PICO DA VIGIA 2
Pessoas, costumes, estórias e tradições da Fajã Grande das Flores e outros temas.
PARTE VII - VI ATO CENA 12
Uma sala semiescura de casa rural (agricultor pobre) açoriana dos anos 50. Num canto uma cómoda (mesa) com fotos e santos em cima. Várias cadeiras ao redor da mesa e uma cama onde o Gomes está moribundo. Já não fala nem ouve. Apenas, de vez em quando, lança estertores. À volta, a esposa, as filhas, alguns parentes e vizinhos. Os presentes rodeiam a cama, rezam e choram, enquanto o Gomes agoniza. A esposa, Isabelinha, à cabeceira da cama.
LISANDRA - Glória ao Pai ao Filho e ao Espírito Santo.
TODOS - Assim como era no princípio agora e sempre e por todos os séculos dos séculos. Ámen
LISANDRA - Ó meu Jesus perdoai-os e livrai-nos do fogo do inferno.
TODOS - E levai para o céu as almas mais abandonadas.
LISANDRA - Amado Jesus, José e Maria.
TODOS - O meu coração vos dou e a alma minha.
J.GOMES – (Geme).
LISANDRA - Amado Jesus, José e Maria.
TODOS - Assisti-me na última agonia.
LISANDRA - Amado Jesus, José e Maria.
TODOS - Expire em paz a alma minha.
LISANDRA – Ó Virgem Santíssima, não permitais tal:
Que eu não viva nem morra em pecado mortal.
TODOS - Em pecado mortal não hei-de morrer,
Porque a Virgem Maria me há-de valer.
LISANDRA - Imaculado Coração de Jesus.
J.GOMES – (Geme).
TODOS - Sede a nossa salvação.
LISANDRA - Imaculado Coração de Maria.
TODOS - Sede a nossa companhia.
LISANDRA – Dai-lhe Senhor o eterno descanso.
TODOS - Entre os esplendores da luz perpétua.
J.GOMES – (Geme).
LISANDRA - Que a sua alma descanse em paz.
TODOS - Amem. Em nome do Pai, do Filho e do espírito Santo. Ámen. – (Benzem-se todos.)
RICARDINA- Ai! E os nossos que nunca mais chegam!
CIZALTINA – E é quase de madrugada, são quase três horas!
TADEU - (Dormitando) – Hum! Já é de madrugada? Já é p’ra me levantar e ir à erva p’rá Ribeira da Grota?
CIZALTINA - Não tio! Deixe-se estar, durma mais… Ainda é muito cedo.

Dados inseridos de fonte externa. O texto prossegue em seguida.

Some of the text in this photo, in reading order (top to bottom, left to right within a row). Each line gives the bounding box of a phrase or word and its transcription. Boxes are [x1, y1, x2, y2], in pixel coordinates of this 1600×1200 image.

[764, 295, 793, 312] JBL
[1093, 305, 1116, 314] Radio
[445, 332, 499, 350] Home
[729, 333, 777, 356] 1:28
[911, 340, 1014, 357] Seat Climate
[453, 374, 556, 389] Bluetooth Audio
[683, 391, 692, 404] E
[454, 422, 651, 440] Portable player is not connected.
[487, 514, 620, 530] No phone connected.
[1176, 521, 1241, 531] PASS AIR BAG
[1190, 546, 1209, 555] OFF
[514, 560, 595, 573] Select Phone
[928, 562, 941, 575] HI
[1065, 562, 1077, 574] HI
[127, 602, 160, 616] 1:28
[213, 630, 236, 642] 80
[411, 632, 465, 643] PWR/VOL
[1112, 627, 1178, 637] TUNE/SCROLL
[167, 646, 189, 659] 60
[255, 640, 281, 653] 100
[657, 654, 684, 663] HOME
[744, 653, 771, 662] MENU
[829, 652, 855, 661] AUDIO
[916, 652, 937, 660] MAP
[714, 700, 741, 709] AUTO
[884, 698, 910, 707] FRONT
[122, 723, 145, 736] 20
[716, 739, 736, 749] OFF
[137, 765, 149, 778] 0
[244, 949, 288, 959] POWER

ISABELINHA (Para o moribundo) - Ai meu amor! Meu querido marido! Fala comigo! Ao menos diz-me se me ouves… Ouves-me?
GENOVEVA – Ó mulher, não vês que ele já nem fala nem ouve. Pede-lhe para te apertar a mão se te está a ouvir.
ISABELINHA - Jesuíno! Ó meu Jesuíno do coração! Ainda me ouves? Aperta pelo menos a minha mão, se me estás a ouvir…
CIZALTINA - Apertou, mãe, apertou? Minha mãe sentiu alguma coisa?
J.GOMES – (Geme).
ISABELINHA- Não filha não senti nada. Ai que desgraça a nossa! O que nos havia de acontecer! De repente, sem ninguém fazer conta… Mas eu tenho muita fé. Já lhe pus o escapulário do Carmo. Nossa Senhora do Carmo não vai permitir que ele morra!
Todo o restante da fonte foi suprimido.